PN Review: Another World – 20th Anniversary Edition (Wii U & 3DS)
Another World (or Out Of This World as it’s usually been called in North America) is a superb cinematic platformer that takes place in a sci-fi setting. You play the part of a burgeoning scientist who, while running an experiment during a lightning storm, is whisked away to an alien world. You’ll need your best platforming skills and puzzle solving abilities to take on this grand adventure, which was recently released as an Anniversary Edition for both the Wii U and 3DS.
The story is played out through the memorable opening, and cut scenes played during the game. Though essentially linear, Another World largely leaves you to your own devices to discover everything it has to offer. As soon as you gain control you need to out swim tentacles trying to drag you to a watery grave, kick hostile and deadly leeches, and try to outrun a beast looking to tear you to pieces. Death comes often, even within these first few minutes! In short though, you’ll acquire both a simple weapon and an alien companion to aid you in trying to survive. Beautiful but forbidding, the imaginative sc-fi settings make the constant threat of death somehow seem not as annoying. Nevertheless patience a plenty will help you in tackling this games challenge.
There are times in Another World where you’ll need to display impressive dexterity. Other times will require patient observations of your surroundings, as you learn from watching enemy patterns and observing obstacles. Careful timing is always needed. Some parts can really only be figured out through trial and error, with reasonable checkpoints and unlimited lives making them less bothersome than they would be otherwise. Being able to select finished areas outright is a large improvement over the passwords of prior versions. Frustration is sure to rear its head at times, but rest assured that immense satisfaction isn’t far behind. There may very well be occasions when you feel you must consult a walkthrough. I’d suggest doing so sparingly, or asking for spoiler free help on Miiverse. Part of the joy of Another World comes from experimenting and exploration. Walkthroughs will not only rob you of much satisfaction, but make the game seem too short.
Length as a concern should really only factor for those of us who grew up playing this game. I’ve owned Out of This World on numerous consoles over the years, and know the game pretty much by heart. Still, even for us vets there are some fun inclusions to lengthen the experience. Three difficulty settings add a new replay element, and the highest setting especially will challenge seasoned players. Imagine my surprise when previously squished leeches returned as I was trying to outrun the beast in the opening scene. Considering that in the SNES version some didn’t even drop to the ground, it gives you an idea of tweaks that were made to the formula, and I appreciate it. There are other examples that I won’t touch on here, but ultimately it’ll be worth beating the game at least once under each setting.

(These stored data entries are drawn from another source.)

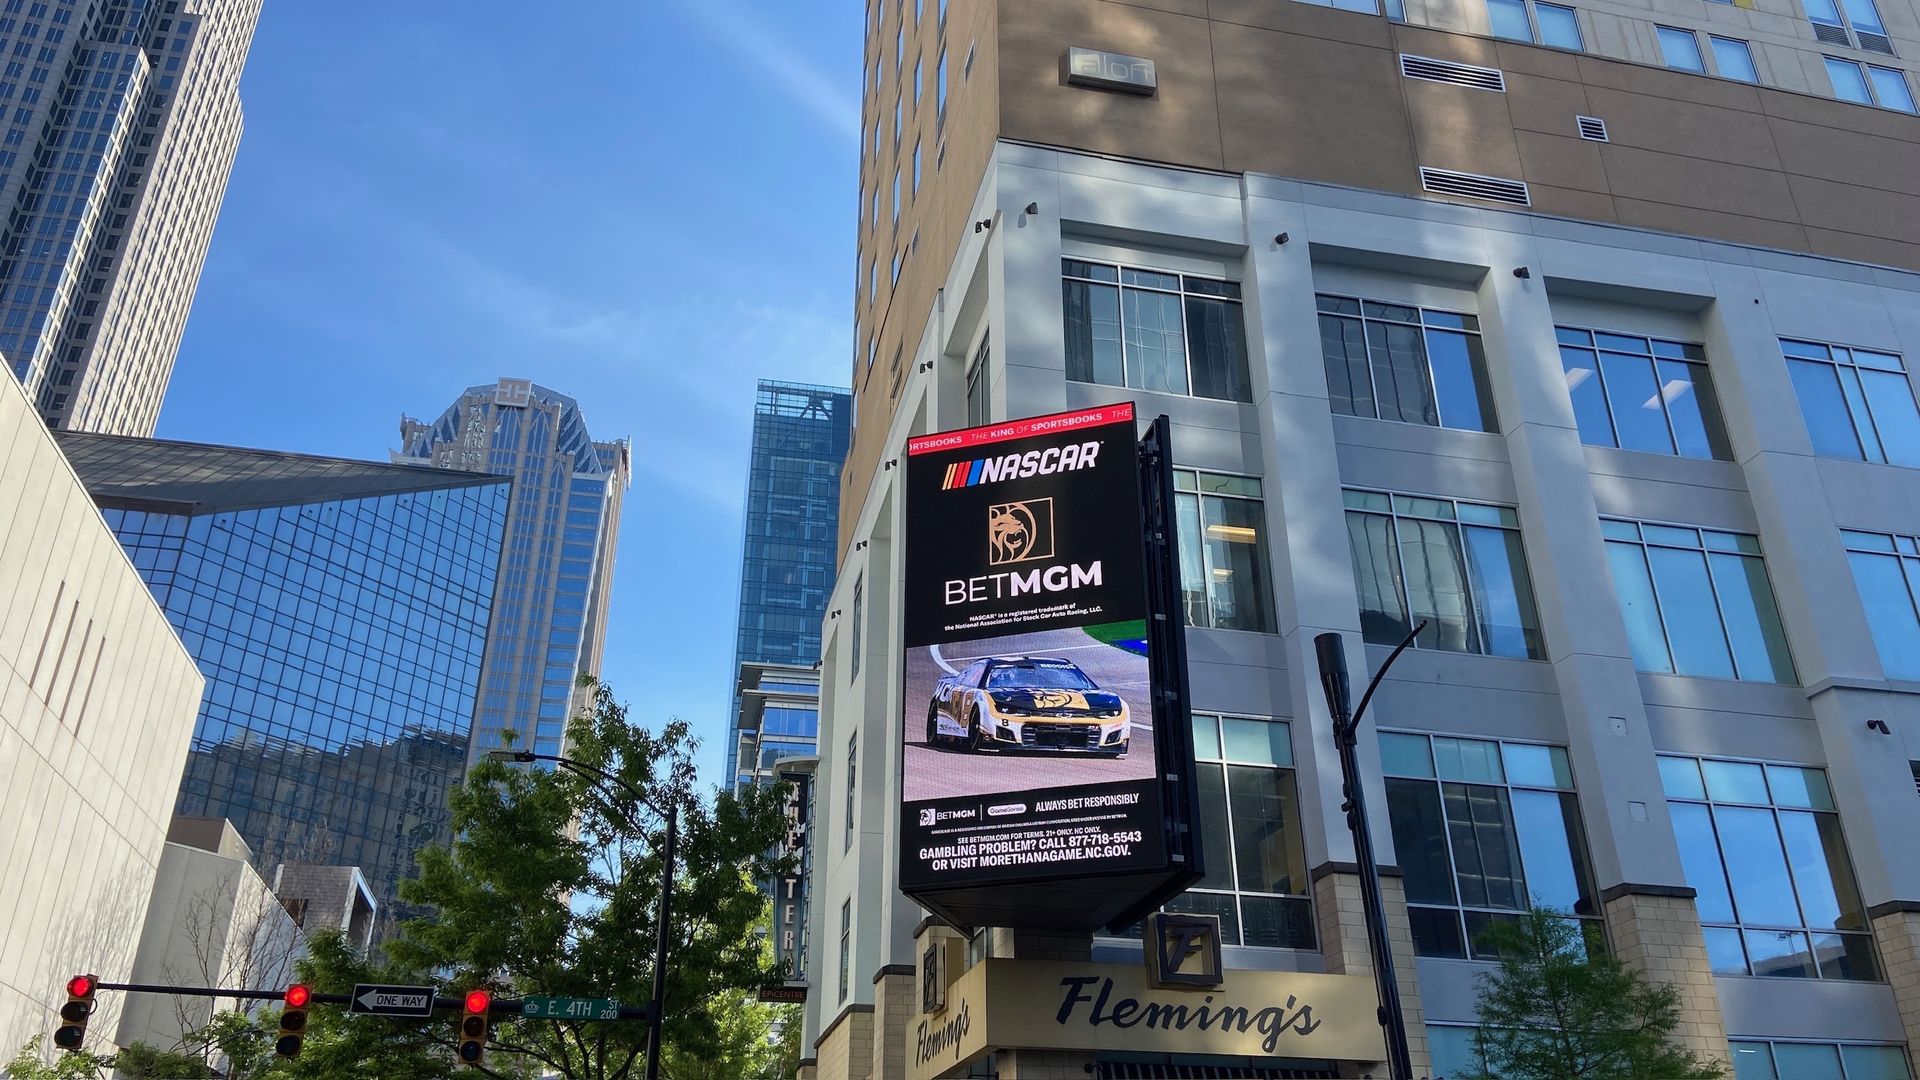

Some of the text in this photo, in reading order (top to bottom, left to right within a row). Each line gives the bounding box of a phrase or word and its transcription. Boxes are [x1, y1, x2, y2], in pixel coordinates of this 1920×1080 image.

[909, 408, 1131, 452] RTSBOOKS THE KING OF SPORTSBOOKS THE
[945, 560, 1103, 606] BETMGM
[1009, 608, 1038, 617] registered
[1038, 604, 1069, 613] trademark
[955, 622, 979, 630] National
[980, 618, 1013, 627] Association
[1022, 614, 1040, 622] Stock
[1001, 718, 1009, 727] 8
[1035, 793, 1140, 812] ALWAYS BET RESPONSIBLY
[936, 809, 976, 821] BETMGM
[919, 830, 1142, 860] GAMBLING PROBLEM? CALL 877-718-5543
[957, 837, 969, 845] SEE
[969, 833, 1010, 844] BETMGM.COM
[1010, 832, 1023, 840] FOR
[1056, 828, 1074, 836] ONLY.
[1084, 826, 1102, 834] ONLY.
[932, 844, 1132, 871] OR VISIT MORETHANAGAME.NC.GOV.
[376, 994, 425, 1007] ONE WAY
[547, 1000, 619, 1017] E. 4TH ST
[600, 1009, 618, 1020] 200
[1055, 976, 1322, 1053] Fleming's
[915, 997, 971, 1069] Fleming's
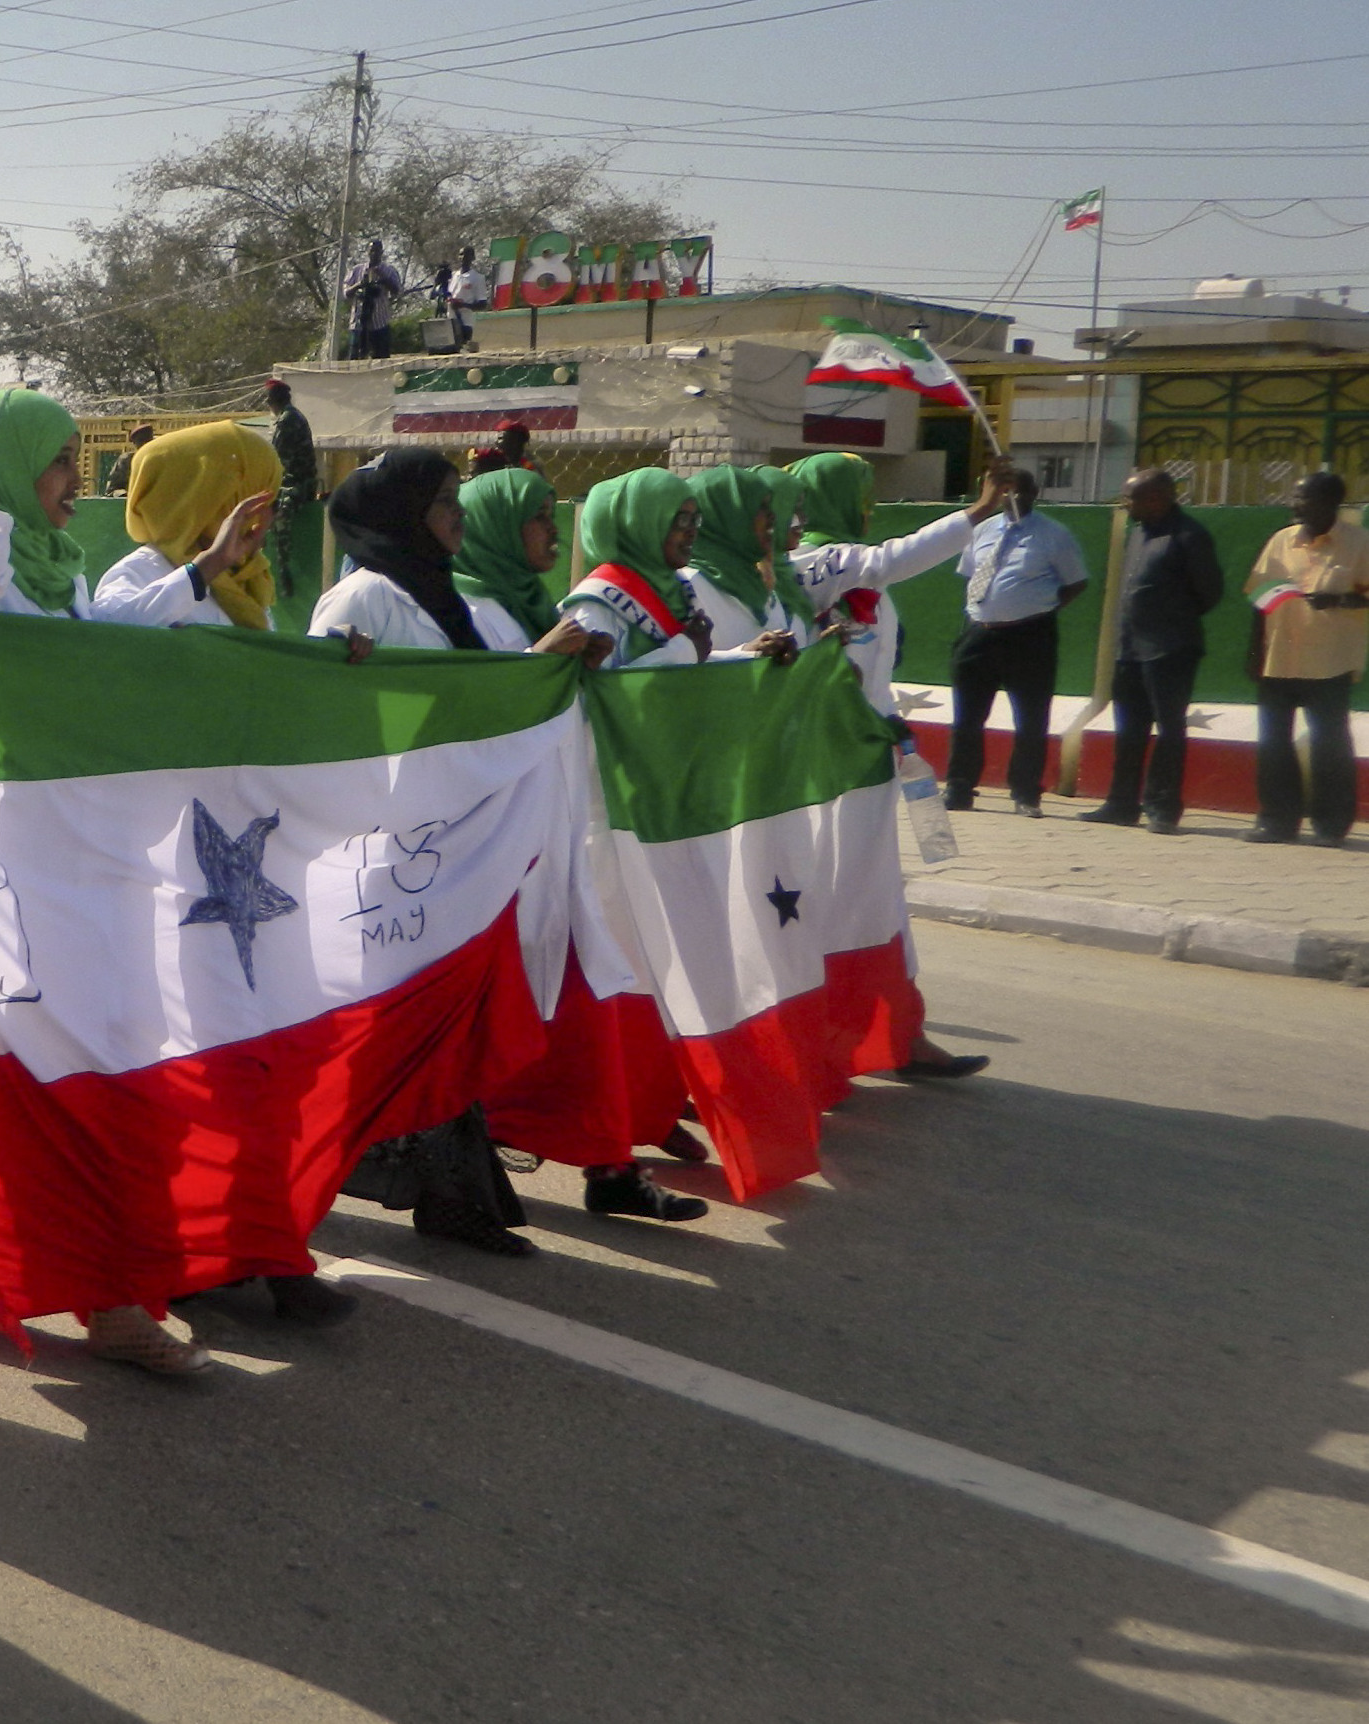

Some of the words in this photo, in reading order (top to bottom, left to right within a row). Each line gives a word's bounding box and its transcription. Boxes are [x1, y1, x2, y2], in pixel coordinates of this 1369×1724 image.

[490, 231, 573, 311] 18
[574, 236, 712, 305] MAY
[339, 820, 447, 921] 18
[361, 903, 425, 953] MAY

Visually this game is a triumph on multiple levels. Its realistic animations, art style, and overall graphics were simply stunning in the early 90’s, and well ahead of their time. The enhancements put in place here make everything look cleaner and smoother, while retaining the iconic beauty of the original. Many backgrounds have improved, and the excellent lighting is a welcomed addition. Being able to switch between the visual settings on the fly (at the touch of a button with zero gameplay interruptions) is one of the coolest things I’ve seen! The nostalgic gamer in me loves being able to make comparisons, and it gives me an appreciation for how well these atmospheric visuals have held up over the decades. Indeed in certain areas the details and textures of the original are surprisingly still superior! No matter how you play it though, this is a beautiful game.
The music and sound effects contribute so much to the atmosphere of Another World – their importance can’t be overstated. While the remastering of the original tracks is nice, the inclusion of the brilliant SEGA CD version’s soundtrack was a stroke of genius! It ups the musical ante by scoring each scene of the entire game, and is easily the definitive way to play. Sound effects, while not as prominent, are no less important. The environmental sfx succeed in drawing you in to the alien environments, as well as providing some occasional insight with how to solve puzzles. The alien chatter (the only speech in the entire game) is a near perfect complement.
My disappointments with Another World weren’t many, but there are some worth pointing out. This release could’ve also included graphics and music from other console versions (I’d love to experience the SNES soundtrack and the amazing 3DO visuals!). The game is also lacking some features found in other releases like the developer’s diary and so forth. Some type of cross play promotion would’ve been appreciated as well – how about a discount if buying both? Finally, the lack of stereoscopic 3D in the 3DS version is a missed opportunity. With this game’s layered art style and background and foreground action, it’s not difficult to see how much the game would’ve benefitted from it! Thankfully the ability to take the game on the go is a fair trade-off for the Wii U’s HD visuals, and I see no need to assign separate scores for both versions.
Nostalgia doesn’t totally blind me to some of the elements that others may find frustrating or dated about this game. But I’ve always had a fondness for Another World, and the tweaks and additions in this version make it in many ways (arguably) the definitive release! This port may have missed its 20 year anniversary by a couple of years, but Another World (on either Wii U or 3DS) should be considered a must own. Eric Chahi’s classic is an absolutely brilliant sci-fi tale rich in atmosphere, and needs to be experienced!